Dataset entries Block Start

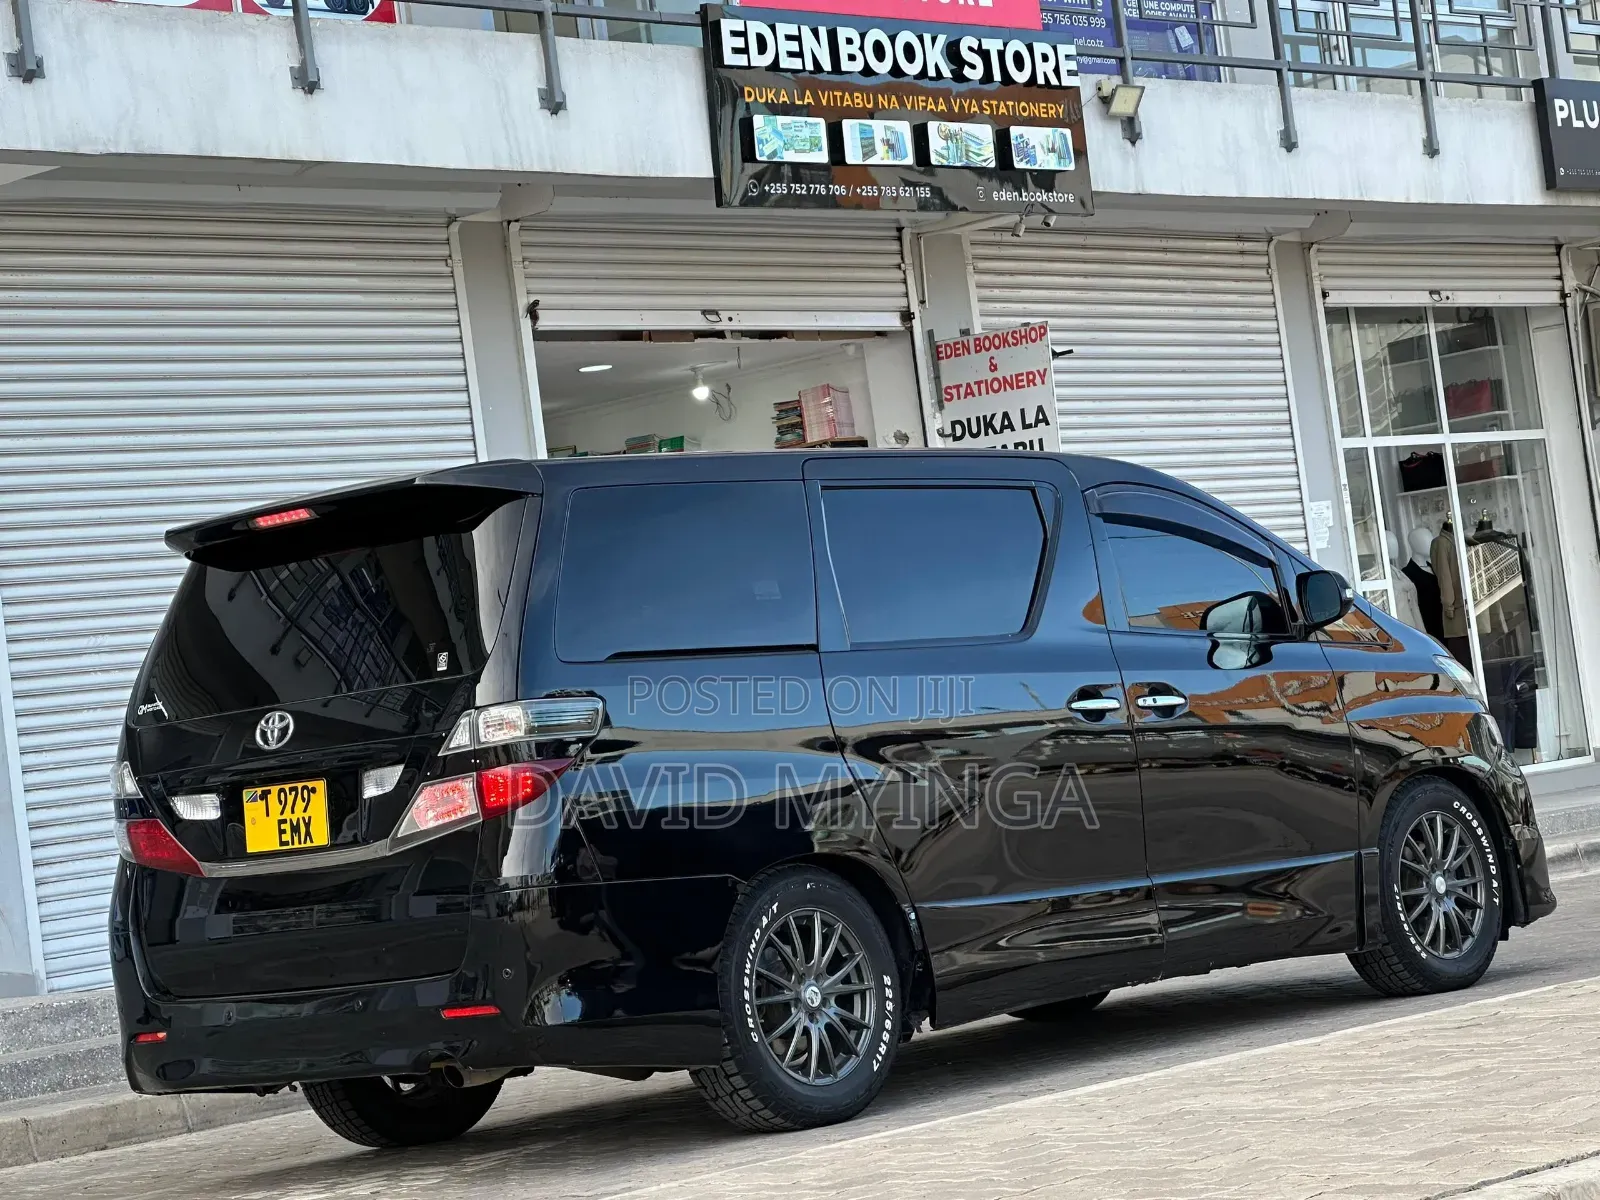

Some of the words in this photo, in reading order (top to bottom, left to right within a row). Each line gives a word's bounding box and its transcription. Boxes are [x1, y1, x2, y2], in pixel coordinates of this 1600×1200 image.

[1054, 14, 1070, 25] 756
[1072, 15, 1088, 27] 035
[1089, 16, 1106, 28] 999
[720, 19, 832, 72] EDEN
[838, 27, 952, 78] BOOK
[959, 35, 1080, 87] STORE
[743, 86, 790, 104] DUKA
[794, 89, 815, 106] LA
[818, 90, 873, 109] VITABU
[877, 93, 900, 110] NA
[903, 95, 947, 113] VIFAA
[950, 97, 980, 114] VYA
[982, 99, 1065, 119] STATIONERY
[764, 183, 787, 194] +255
[790, 183, 807, 195] 752
[809, 184, 826, 195] 776
[829, 184, 846, 196] 706
[856, 185, 878, 197] +255
[881, 186, 897, 197] 785
[899, 186, 914, 198] 621
[915, 187, 931, 198] 155
[992, 188, 1075, 203] eden.bookstore
[936, 339, 971, 361] EDEN
[973, 324, 1048, 354] BOOKSHOP
[988, 356, 998, 373] &
[943, 368, 1048, 403] STATIONERY
[950, 410, 1016, 442] DUKA
[1019, 404, 1050, 430] LA
[260, 789, 272, 818] T
[277, 784, 311, 816] 979
[278, 816, 314, 848] EMX
[1453, 801, 1497, 875] CROSSWIND
[1491, 878, 1500, 906] A/T
[743, 928, 760, 1043] CROSSWIND
[761, 902, 779, 929] A/T
[871, 974, 894, 1072] 225/65R17
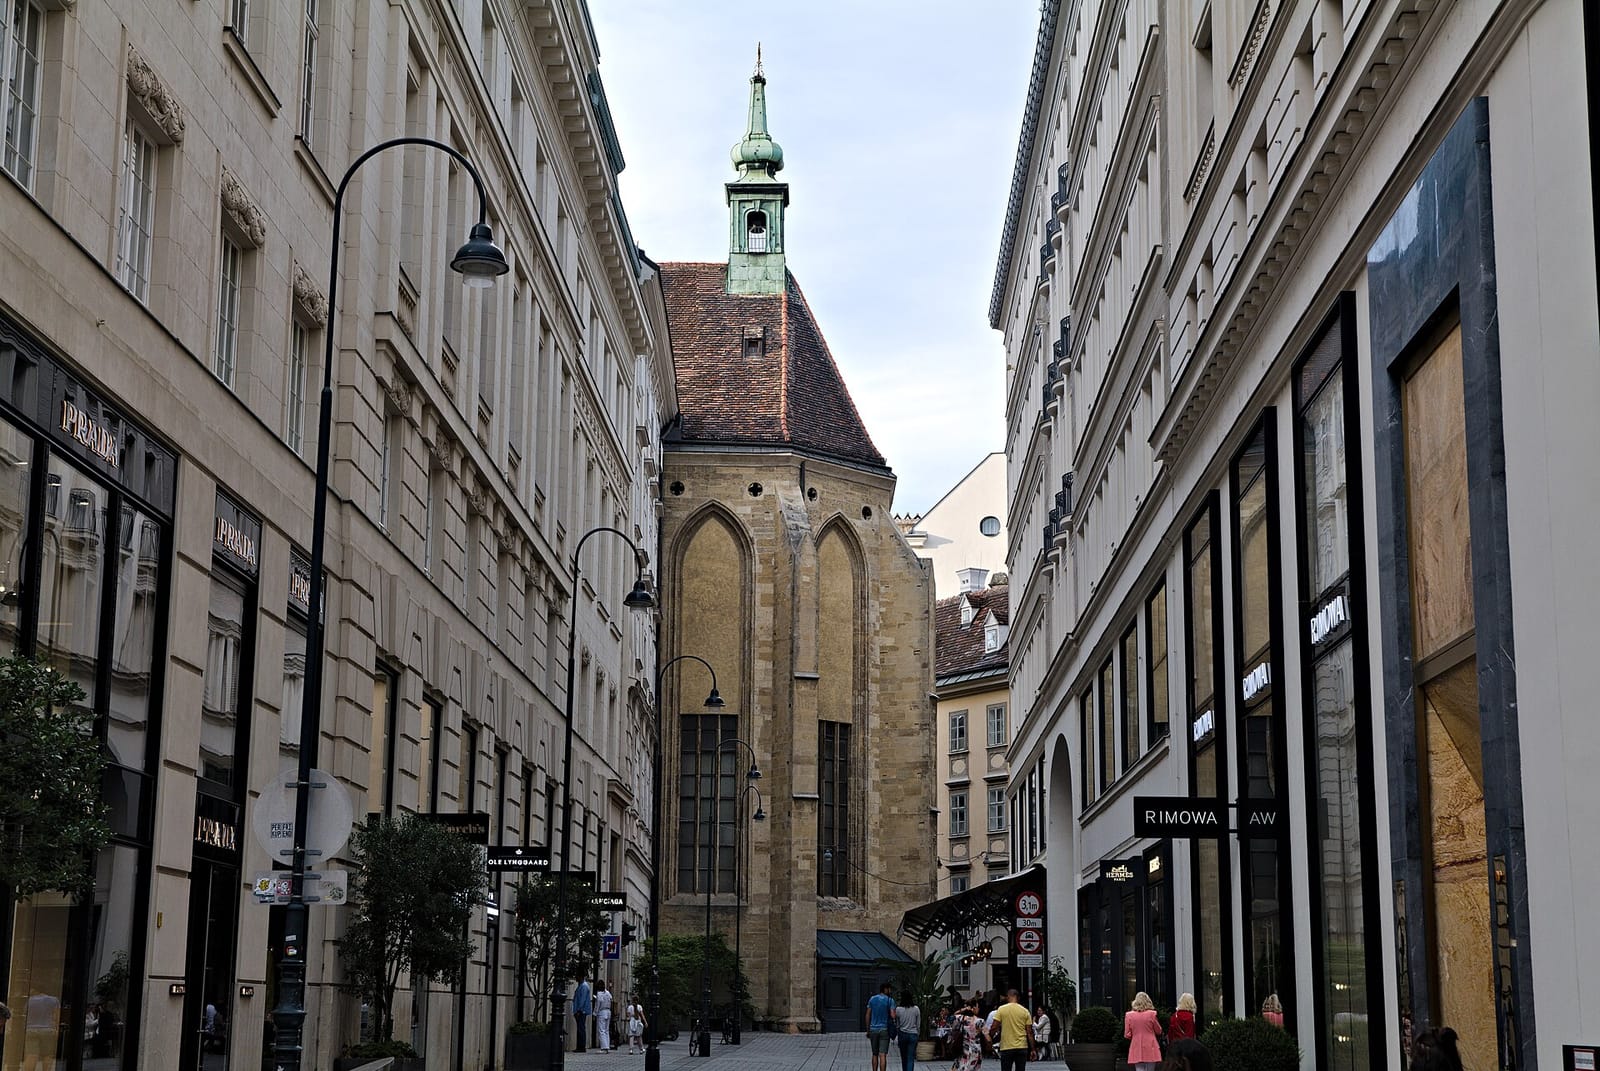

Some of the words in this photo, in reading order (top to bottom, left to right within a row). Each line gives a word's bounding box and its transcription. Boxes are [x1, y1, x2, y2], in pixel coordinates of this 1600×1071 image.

Dataset entries Block End

Without the pictures, copy all of the entries exactly as they appear.

Finished task:
Some of the words in this photo, in reading order (top to bottom, left to right within a row). Each line gives a word's bounding box and its transcription. Boxes are [x1, y1, x2, y2], in pixel coordinates of this 1600×1200 image.

[1054, 14, 1070, 25] 756
[1072, 15, 1088, 27] 035
[1089, 16, 1106, 28] 999
[720, 19, 832, 72] EDEN
[838, 27, 952, 78] BOOK
[959, 35, 1080, 87] STORE
[743, 86, 790, 104] DUKA
[794, 89, 815, 106] LA
[818, 90, 873, 109] VITABU
[877, 93, 900, 110] NA
[903, 95, 947, 113] VIFAA
[950, 97, 980, 114] VYA
[982, 99, 1065, 119] STATIONERY
[764, 183, 787, 194] +255
[790, 183, 807, 195] 752
[809, 184, 826, 195] 776
[829, 184, 846, 196] 706
[856, 185, 878, 197] +255
[881, 186, 897, 197] 785
[899, 186, 914, 198] 621
[915, 187, 931, 198] 155
[992, 188, 1075, 203] eden.bookstore
[936, 339, 971, 361] EDEN
[973, 324, 1048, 354] BOOKSHOP
[988, 356, 998, 373] &
[943, 368, 1048, 403] STATIONERY
[950, 410, 1016, 442] DUKA
[1019, 404, 1050, 430] LA
[260, 789, 272, 818] T
[277, 784, 311, 816] 979
[278, 816, 314, 848] EMX
[1453, 801, 1497, 875] CROSSWIND
[1491, 878, 1500, 906] A/T
[743, 928, 760, 1043] CROSSWIND
[761, 902, 779, 929] A/T
[871, 974, 894, 1072] 225/65R17

Some of the words in this photo, in reading order (top to bottom, left to right within a row). Each line gives a word's bounding box and its transcription. Boxes are [x1, y1, x2, y2], in pixel coordinates of this 1600×1071 image.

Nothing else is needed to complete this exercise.